Este mismo fin de semana, podíamos encontrar diferentes análisis en los digitales de la derecha mediática afirmando bien que Felipe VI quizás no debería proponer a Pedro Sánchez como candidato a la investidura (forzando así el Borbón una repetición electoral), o que el Tribunal Constitucional, el Tribunal Supremo, o ambos podrían desbaratar la amnistía llegando a “estrangular la legislatura” (usando la colorida expresión de Enric Juliana), o que Feijóo se va a encomendar a partir de ahora a una estrategia de oposición dura con el objetivo de que el gobierno progresista —si lo hay— dure, como mucho, un par de años; es decir, con el objetivo de tumbar el gobierno.
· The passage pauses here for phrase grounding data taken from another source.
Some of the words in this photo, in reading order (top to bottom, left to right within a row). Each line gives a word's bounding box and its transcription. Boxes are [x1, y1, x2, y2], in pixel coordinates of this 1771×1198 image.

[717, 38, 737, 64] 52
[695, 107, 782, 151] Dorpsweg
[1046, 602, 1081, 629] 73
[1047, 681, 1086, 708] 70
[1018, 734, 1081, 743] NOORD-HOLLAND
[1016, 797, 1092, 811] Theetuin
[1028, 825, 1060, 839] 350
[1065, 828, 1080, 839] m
Para entender lo que va a ocurrir en España en los próximos meses hay que tener muy presentes dos hechos políticos fundamentales: que la derecha y la extrema derecha son mucho más que sus brazos parlamentarios —son, sobre todo, la mayoría de los medios de comunicación con sede en Madrid y los sectores más reaccionarios de la judicatura, la iglesia, el ejército y las fuerzas de seguridad; todos ellos liderados moralmente por el rey— y que ese bloque reaccionario no es demócrata. Que solamente aceptan el resultado de las urnas cuando ganan ellos, asumiendo una estrategia golpista en caso contrario.
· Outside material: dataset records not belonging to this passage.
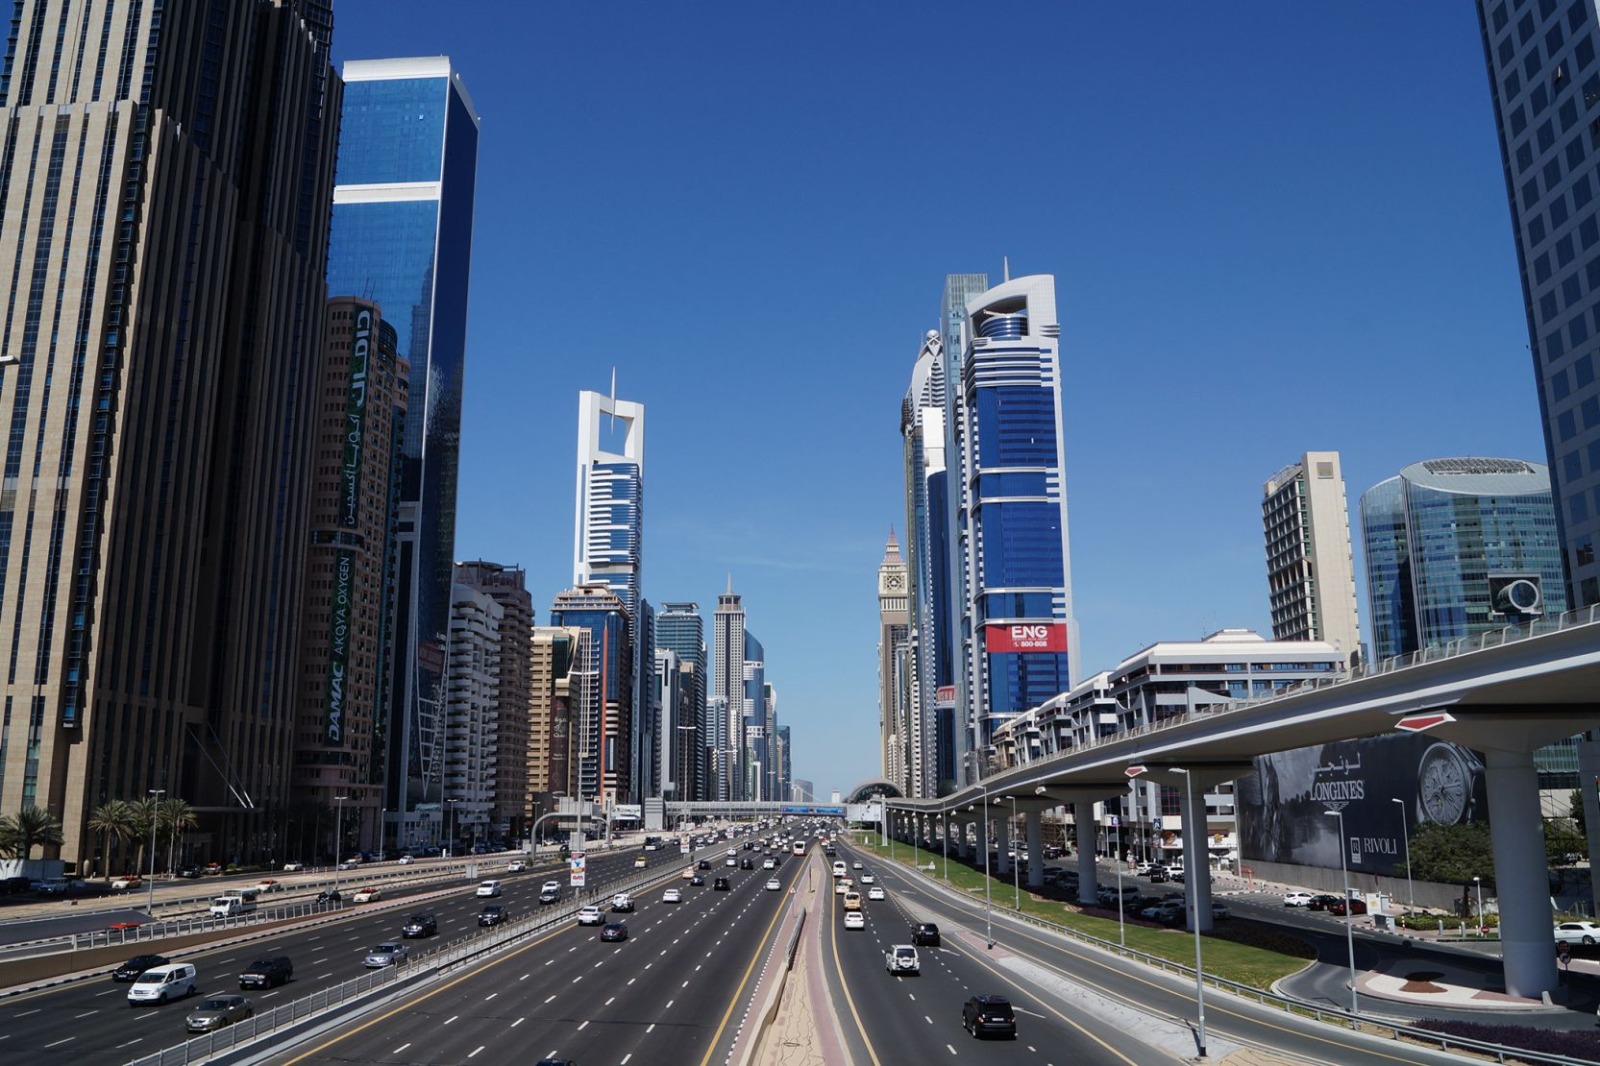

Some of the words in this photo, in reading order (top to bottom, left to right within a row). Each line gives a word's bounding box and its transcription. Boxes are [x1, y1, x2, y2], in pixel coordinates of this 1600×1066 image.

[1012, 625, 1048, 638] ENG
[328, 661, 344, 741] DAMAC
[337, 556, 350, 604] OXYGEN
[1310, 780, 1365, 801] LONGINES
[1363, 837, 1397, 854] RIVOLI
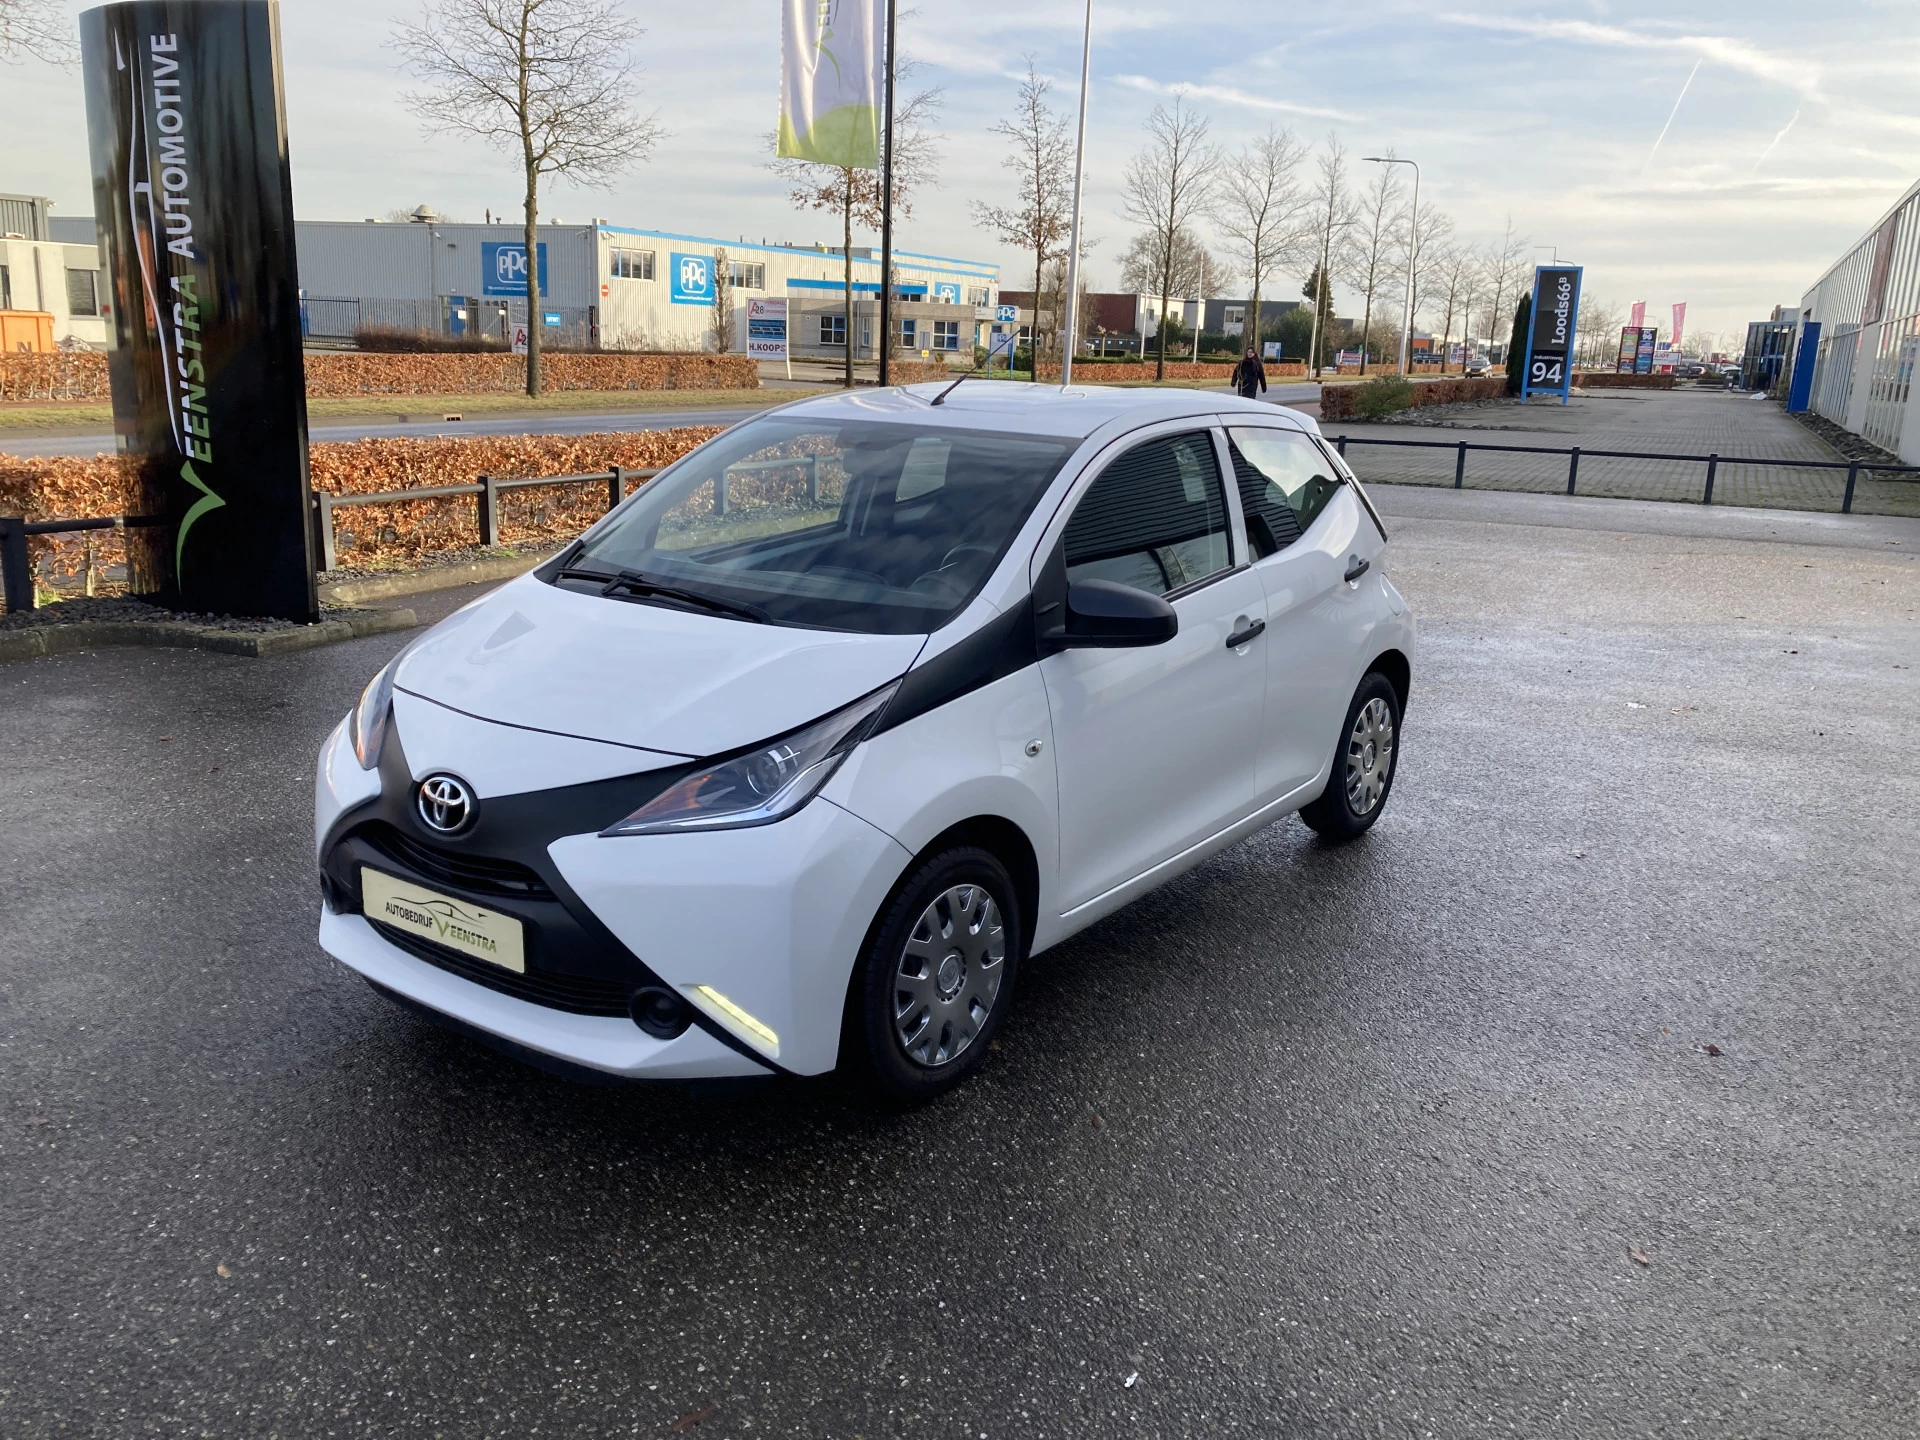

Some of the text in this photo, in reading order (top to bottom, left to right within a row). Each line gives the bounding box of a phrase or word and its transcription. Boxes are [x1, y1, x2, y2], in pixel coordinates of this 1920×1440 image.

[682, 262, 704, 289] PPG
[150, 33, 226, 594] VEENSTRA AUTOMOTIVE
[750, 301, 765, 315] A28
[997, 306, 1015, 321] PPG
[748, 343, 786, 352] H.KOOPS
[1532, 362, 1562, 383] 94
[385, 901, 497, 953] AUTOBEDRIJF VEENSTRA
Como ha ocurrido siempre, participarán de la ofensiva golpista la mayoría de los poderes mediáticos, los sectores más reaccionarios de la judicatura, del ejército y de las fuerzas de seguridad y está por ver si Felipe VI se atreve a hacer algo parecido a lo que hizo el 3 de octubre de 2017

Lo vimos durante los primeros años del gobierno de coalición —antes del asesinato político de Pablo Casado— con las caceroladas cayetanas en el barrio de Salamanca, con el intento de Pérez de los Cobos de encarcelar a miembros del gobierno a causa del bulo del 8M en relación a la pandemia, con el grupo de militares retirados que querían organizar un alzamiento al tiempo que “fusilar a 23 millones de españoles”, con el hostigamiento fascista sostenido durante meses en la vivienda particular del vicepresidente del gobierno y la ministra de Igualdad, con el cerco al Congreso por parte de determinados sindicatos policiales de extrema derecha, o con las acciones de lawfare por parte de jueces corruptos como García Castellón o Escalonilla, entre otros.
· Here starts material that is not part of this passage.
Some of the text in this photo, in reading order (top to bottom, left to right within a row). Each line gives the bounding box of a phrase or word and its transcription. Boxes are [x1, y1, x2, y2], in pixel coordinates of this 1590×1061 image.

Lo vimos también antes de la formación del gobierno de coalición, cuando el bloque reaccionario entendía perfectamente que el camino hacia una gobernabilidad no bipartidista pasaba por Podemos y, por eso, dirigieron la proa de las cloacas del Estado hacia la formación morada y fabricaron una variedad de informes falsos sobre su financiación que, luego, la práctica totalidad de los medios de comunicación hacían pasar por “noticias” difamatorias. Los audios de Ferreras con Villarejo, admitiendo que, aunque era “demasiado burdo”, él “iba con ello”, es quizás el ejemplo más violento de esta otra variedad de práctica golpista.

Lo hemos visto en innumerables ocasiones a lo largo de los últimos años y lo volveremos a ver a partir de ahora. La derecha y la extrema derecha —con una operativa que las hace ya prácticamente indistinguibles la una de la otra— van a hacer todo lo que esté en su mano, legal o ilegal, primero para intentar dinamitar las posibilidades de que Pedro Sánchez sea investido presidente y después, si no lo consiguen, para tumbar el gobierno que se forme.

Como ha ocurrido siempre, participarán de la ofensiva golpista la mayoría de los poderes mediáticos, los sectores más reaccionarios de la judicatura, del ejército y de las fuerzas de seguridad y está por ver si Felipe VI se atreve a hacer algo parecido a lo que hizo el 3 de octubre de 2017. En este contexto, lo más estúpido que pueden hacer las izquierdas —y también el PSOE— es renunciar a nombrar explícitamente a los verdaderos actores políticos detrás de toda la operación y venderle a la ciudadanía la ficción naïf de que las derechas empiezan y se acaban en Feijóo y Abascal; en el PP y VOX.

Si de verdad queremos frustrar el golpe, más vale que todo el mundo tenga claro quiénes son los que lo van a dar.